Authors Gelardi M, Bosoni M, Morelli M, Beretta S, Incorvaia C , Buttafava S, Landi M, Masieri S, Frati F, Quaranta N, Zuccotti GV

Received 9 October 2015

Accepted for publication 29 January 2016

Published 5 April 2016 Volume 2016:9 Pages 21—25

DOI https://doi.org/10.2147/JIR.S97906

Checked for plagiarism Yes

Review by Single anonymous peer review

Peer reviewer comments 2

Editor who approved publication: Professor Ning Quan



Matteo Gelardi,1 Mariangela Bosoni,2 Marco Morelli,2 Silvia Beretta,2 Cristoforo Incorvaia,3 Serena Buttafava,4 Massimo Landi,5 Simonetta Masieri,6 Franco Frati,4 Nicola Quaranta,1 Gian Vincenzo Zuccotti2

1Otolaryngology Section, Department of Neuroscience and Sensory Organs, University of Bari, 2Department of Pediatrics, Luigi Sacco Hospital, University of Milan, 3Allergy/Pulmonary Rehabilitation Unit, ICP Hospital, 4Medical and Scientific Department, Stallergenes Italy, Milan, 5Department of Pediatrics, ASL TO1, Turin, 6Department of Otorhinolaryngology, Sapienza University of Rome, Rome, Italy

Background: In patients polysensitized to pollen allergens, the priming effect, by which the sensitivity of the nasal mucosa to an allergen is increased by the previous exposure to another allergen, is a known phenomenon. This study was aimed at evaluating the degree of nasal inflammation, assessed by nasal cytology, in children with allergic rhinitis (AR) from ragweed pollen according to being monosensitized or polysensitized.
Methods: The study included 47 children. Of them, 24 suffered from AR caused by sensitization to grass pollen and ragweed pollen (group A) and 23 were sensitized only to ragweed pollen (group B). In all patients, the severity of AR was assessed according to the Allergic Rhinitis and Its Impact on Asthma guidelines, and comorbidities were also evaluated.
Results: In group A, 16.7% of children had a mild intermittent AR, 4.2% a moderate-to-severe intermittent, 33.3% a mild persistent, and 45.8% a moderate-to-severe persistent; in group B, 26.1% of children had a mild intermittent AR, 0% a moderate-to-severe intermittent, 52.2% a mild persistent, and 21.7% a moderate-to-severe persistent. No significant difference was detected in the number of the considered comorbidities between the two groups. The cell counts of neutrophils, eosinophils, lymphocytes/plasma cells, and mast cells were high but not significantly different in the two groups.
Conclusion: These findings show that the degree of nasal inflammation found in children with ragweed-induced AR is not influenced by additional allergy to grass pollen and confirm the previously reported absence of priming effect in ragweed allergy.

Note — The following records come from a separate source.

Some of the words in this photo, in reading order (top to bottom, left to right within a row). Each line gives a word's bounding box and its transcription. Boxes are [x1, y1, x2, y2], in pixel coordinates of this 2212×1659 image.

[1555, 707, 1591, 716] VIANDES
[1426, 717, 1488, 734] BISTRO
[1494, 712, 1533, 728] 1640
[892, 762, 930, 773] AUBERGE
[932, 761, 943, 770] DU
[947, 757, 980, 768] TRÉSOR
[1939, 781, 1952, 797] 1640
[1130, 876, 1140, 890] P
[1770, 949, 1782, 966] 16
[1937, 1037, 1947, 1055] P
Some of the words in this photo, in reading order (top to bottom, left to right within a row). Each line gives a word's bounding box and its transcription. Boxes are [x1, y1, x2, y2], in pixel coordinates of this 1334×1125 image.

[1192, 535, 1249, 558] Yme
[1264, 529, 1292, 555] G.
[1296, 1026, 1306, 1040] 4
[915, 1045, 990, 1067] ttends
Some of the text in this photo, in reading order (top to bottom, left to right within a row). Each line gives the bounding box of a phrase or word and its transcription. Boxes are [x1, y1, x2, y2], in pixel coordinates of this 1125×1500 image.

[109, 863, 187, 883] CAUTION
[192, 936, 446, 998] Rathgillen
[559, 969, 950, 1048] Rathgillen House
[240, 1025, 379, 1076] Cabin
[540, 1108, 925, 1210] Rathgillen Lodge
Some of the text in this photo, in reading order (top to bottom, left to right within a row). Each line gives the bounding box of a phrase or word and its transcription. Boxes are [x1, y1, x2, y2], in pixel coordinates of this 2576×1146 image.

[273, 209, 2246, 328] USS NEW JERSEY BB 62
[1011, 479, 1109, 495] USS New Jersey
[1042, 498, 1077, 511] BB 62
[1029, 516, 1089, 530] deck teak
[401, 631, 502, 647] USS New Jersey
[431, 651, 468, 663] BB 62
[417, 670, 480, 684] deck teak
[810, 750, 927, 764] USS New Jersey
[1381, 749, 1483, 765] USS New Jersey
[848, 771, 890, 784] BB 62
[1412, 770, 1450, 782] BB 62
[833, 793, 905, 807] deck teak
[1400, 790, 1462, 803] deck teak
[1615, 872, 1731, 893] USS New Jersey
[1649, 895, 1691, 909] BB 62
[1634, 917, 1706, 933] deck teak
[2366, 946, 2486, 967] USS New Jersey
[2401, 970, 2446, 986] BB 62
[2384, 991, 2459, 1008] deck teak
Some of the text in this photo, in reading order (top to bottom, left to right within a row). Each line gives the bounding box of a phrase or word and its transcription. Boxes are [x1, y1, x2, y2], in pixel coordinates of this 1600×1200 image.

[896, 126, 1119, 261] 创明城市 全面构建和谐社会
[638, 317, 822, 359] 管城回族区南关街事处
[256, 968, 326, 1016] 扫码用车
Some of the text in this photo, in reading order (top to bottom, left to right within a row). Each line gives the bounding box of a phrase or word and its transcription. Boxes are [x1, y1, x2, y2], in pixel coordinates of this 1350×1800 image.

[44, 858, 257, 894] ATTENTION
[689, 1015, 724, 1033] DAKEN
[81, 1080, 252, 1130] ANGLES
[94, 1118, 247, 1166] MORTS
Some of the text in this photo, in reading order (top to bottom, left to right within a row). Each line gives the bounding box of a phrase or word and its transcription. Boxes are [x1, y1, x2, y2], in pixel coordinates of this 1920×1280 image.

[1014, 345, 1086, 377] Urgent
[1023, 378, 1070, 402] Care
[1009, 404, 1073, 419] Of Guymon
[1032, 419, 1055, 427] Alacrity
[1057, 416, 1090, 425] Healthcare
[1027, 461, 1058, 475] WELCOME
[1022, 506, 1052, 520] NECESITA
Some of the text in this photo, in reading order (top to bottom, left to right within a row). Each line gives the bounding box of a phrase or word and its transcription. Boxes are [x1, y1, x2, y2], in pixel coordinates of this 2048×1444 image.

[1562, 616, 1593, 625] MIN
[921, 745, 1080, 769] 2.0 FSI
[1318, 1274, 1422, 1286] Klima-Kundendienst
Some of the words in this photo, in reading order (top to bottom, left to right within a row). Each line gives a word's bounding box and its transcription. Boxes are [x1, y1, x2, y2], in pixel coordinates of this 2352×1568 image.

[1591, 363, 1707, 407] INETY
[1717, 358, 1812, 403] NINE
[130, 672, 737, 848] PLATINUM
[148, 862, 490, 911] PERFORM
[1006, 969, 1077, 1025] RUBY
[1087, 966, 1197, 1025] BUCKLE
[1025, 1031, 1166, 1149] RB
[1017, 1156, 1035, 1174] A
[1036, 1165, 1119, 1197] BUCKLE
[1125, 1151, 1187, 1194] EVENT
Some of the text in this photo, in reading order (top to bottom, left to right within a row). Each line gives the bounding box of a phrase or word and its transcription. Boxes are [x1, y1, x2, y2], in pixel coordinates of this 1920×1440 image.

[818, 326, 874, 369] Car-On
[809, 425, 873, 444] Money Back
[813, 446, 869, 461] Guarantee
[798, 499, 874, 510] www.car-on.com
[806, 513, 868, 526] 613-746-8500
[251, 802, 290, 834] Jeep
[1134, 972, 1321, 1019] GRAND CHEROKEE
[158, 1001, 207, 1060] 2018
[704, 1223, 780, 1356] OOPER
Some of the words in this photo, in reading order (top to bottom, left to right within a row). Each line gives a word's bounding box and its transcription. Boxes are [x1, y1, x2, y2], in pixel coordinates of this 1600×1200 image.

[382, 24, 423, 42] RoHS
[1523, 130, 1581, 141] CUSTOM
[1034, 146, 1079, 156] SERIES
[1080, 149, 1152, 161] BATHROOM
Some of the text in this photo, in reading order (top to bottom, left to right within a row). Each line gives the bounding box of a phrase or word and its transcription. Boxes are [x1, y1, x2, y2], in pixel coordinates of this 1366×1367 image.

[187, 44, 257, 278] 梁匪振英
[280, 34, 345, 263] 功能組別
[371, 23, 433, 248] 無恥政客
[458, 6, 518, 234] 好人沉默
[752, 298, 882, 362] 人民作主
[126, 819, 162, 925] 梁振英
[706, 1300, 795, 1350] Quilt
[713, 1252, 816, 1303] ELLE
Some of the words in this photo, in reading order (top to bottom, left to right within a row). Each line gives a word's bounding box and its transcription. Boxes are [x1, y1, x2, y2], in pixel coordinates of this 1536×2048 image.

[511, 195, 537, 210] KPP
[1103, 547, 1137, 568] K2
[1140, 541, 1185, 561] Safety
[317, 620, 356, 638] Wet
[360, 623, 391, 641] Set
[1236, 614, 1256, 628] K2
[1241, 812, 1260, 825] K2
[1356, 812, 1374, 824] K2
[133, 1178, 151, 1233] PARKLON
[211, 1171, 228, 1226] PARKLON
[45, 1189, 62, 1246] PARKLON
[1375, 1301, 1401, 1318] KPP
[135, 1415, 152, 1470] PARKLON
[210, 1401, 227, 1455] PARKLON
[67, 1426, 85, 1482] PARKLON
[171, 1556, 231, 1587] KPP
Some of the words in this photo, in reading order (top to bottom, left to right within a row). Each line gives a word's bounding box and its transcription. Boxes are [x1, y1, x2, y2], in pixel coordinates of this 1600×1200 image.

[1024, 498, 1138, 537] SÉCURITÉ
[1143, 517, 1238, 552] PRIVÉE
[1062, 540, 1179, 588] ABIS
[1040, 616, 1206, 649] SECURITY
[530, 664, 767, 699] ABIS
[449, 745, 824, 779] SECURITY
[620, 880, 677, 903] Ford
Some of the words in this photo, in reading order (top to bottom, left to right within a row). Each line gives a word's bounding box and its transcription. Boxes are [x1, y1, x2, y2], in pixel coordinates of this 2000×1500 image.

Keywords: allergic rhinitis, pollen sensitization, priming effect, nasal cytology, eosinophils, neutrophils

Introduction

Ragweed pollen is a major cause of respiratory allergy. In the pioneering age of allergy in the 19th century, when Blackley discovered that grass pollen was the cause of hay fever, Wyman demonstrated that the so-called autumnal catarrh (hay fever) was due to ragweed pollen.1 Ragweed has optimal characteristics to cause allergy because its pollen is able to induce respiratory allergy starting from concentrations as low as five to ten pollen grains per cubic meter of air and because each plant (as demonstrated for Ambrosia artemisiifolia) can produce up to 60,000 seeds, which can germinate even after lying up to 40 years in the ground.2 For a long time, ragweed allergy was apparently confined to northern America,3 but in the last few decades, a worldwide diffusion of this plant occurred. In Europe, the four species of ragweed, A. artemisiifolia (short ragweed), Ambrosia trifida (giant ragweed), Ambrosia coronopifolia (perennial ragweed), and Ambrosia tenuifolia (slimleaf bur ragweed), were accidentally introduced to Europe, where previously only Ambrosia maritima was known.4 Ragweed allergy was first detected in the Lyon region in France,5 followed by northern Italy, Austria, and Hungary,6 and more recently, Switzerland.7 In Italy, a spreading of this allergy also to central regions was found, mainly caused by long distance transport of pollen.8 These aspects make ragweed allergy an individual and social burden in Italy, which needs effective treatments. In this study, we aimed to evaluate the degree of nasal inflammation, assessed by nasal cytology, in children with allergic rhinitis (AR) from ragweed pollen according to being monosensitized or polysensitized, ie, sensitized also to grass pollen.

Methods

Patients

The population of this study was 47 children. Their demographic data and kind of sensitization are reported in Table 1. Oral informed consent was obtained by both parents before entering the study, and the study was conducted in accordance with good clinical practice guidelines. Allergic sensitization was evaluated by skin prick tests performed by allergen extracts from Stallergenes (Antony, France) using a complete panel of inhalant allergens, which included for grasses Dactylis glomerata, Phleum pratense, Anthoxanthum odoratum, Poa pratensis, and Lolium perenne. To be included in the study, the patients must not have any other positive tests in addition to those for grass and ragweed pollen. The symptomatic periods in the area where patients live are from April to June for grass pollen and from late August to early October for ragweed pollen. All patients were allowed to use antihistamines as needed to treat their symptoms, while corticosteroids were not permitted to avoid interference with nasal cytology. The severity of AR was assessed according to the Allergic Rhinitis and Its Impact on Asthma (ARIA) guidelines,9 and comorbidities were also evaluated. The local ethical committee, Luigi Sacco Hospital, Milan, Italy, after being informed about the procedures to be carried out gave the authorization to perform the study. Parents or legal guardians gave their written informed consent allowing the inclusion of children in the study.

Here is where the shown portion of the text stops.